One of the most challenging steps in rail development is navigating the environmental permitting process and securing permits within a reasonable timeframe. This process can be long, complex, and costly, and has been plagued with fluctuating regulatory regimes for years. Key regulations are currently under review by federal agencies and courts, with the U.S. Supreme Court (“SCOTUS”) taking up a challenge to a major regulation this term. With so many changes on the horizon, here is brief look at key late actions and why they matter to rail development.
Waters of the United States (“WOTUS”)
Foundational to several regulatory regimes is which aquatic features (lakes, rivers, tributaries, wetlands, etc.) are considered “Waters of the United States” (“WOTUS”) and, therefore, subject to federal jurisdiction.[1] If a feature meets the definition of WOTUS, discharges or impacts to that feature may require certain permits and authorizations. For example, US Army Corps of Engineers (“USACE”) permits are often triggered where construction of new rail track or infrastructure cross a feature that is a WOTUS.
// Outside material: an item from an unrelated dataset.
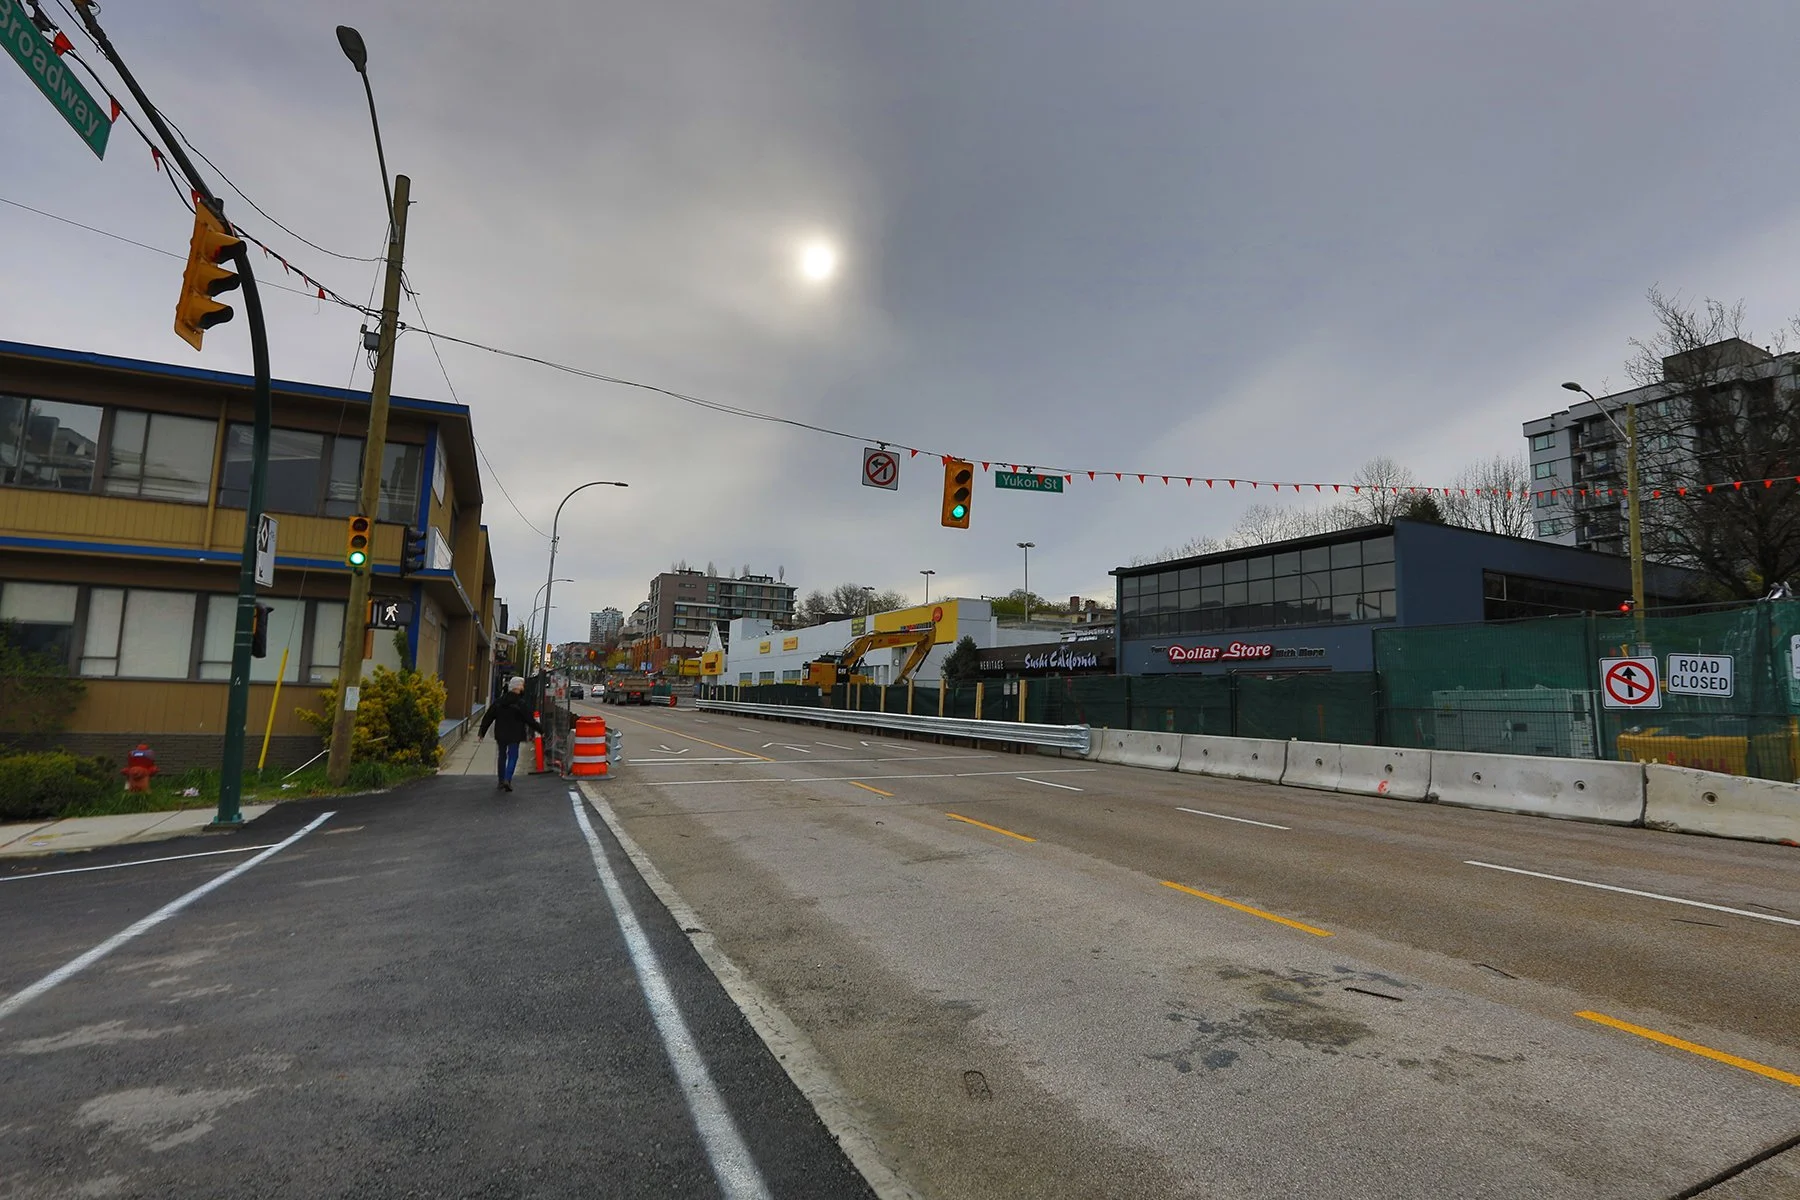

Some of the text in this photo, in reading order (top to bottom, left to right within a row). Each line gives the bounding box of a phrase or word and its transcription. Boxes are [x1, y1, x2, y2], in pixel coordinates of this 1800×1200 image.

Larger impacts to one WOTUS or cumulatively to multiple may trigger additional reviews including National Environmental Policy Act (“NEPA”) or individual Section 401 Water Quality Certifications (“401 WQC”), two programs also under review and discussed below. As the number and type of features regulated as WOTUS expands, so too grows the number of permits required and potential for triggering NEPA or the 401 WQC requirements.
Where We Are
What exactly is considered a WOTUS has been fraught with uncertainty for decades. Well-intentioned attempts to bring clarity to the federal definition have brought fluctuating regimes, ambiguity, and legal challenges.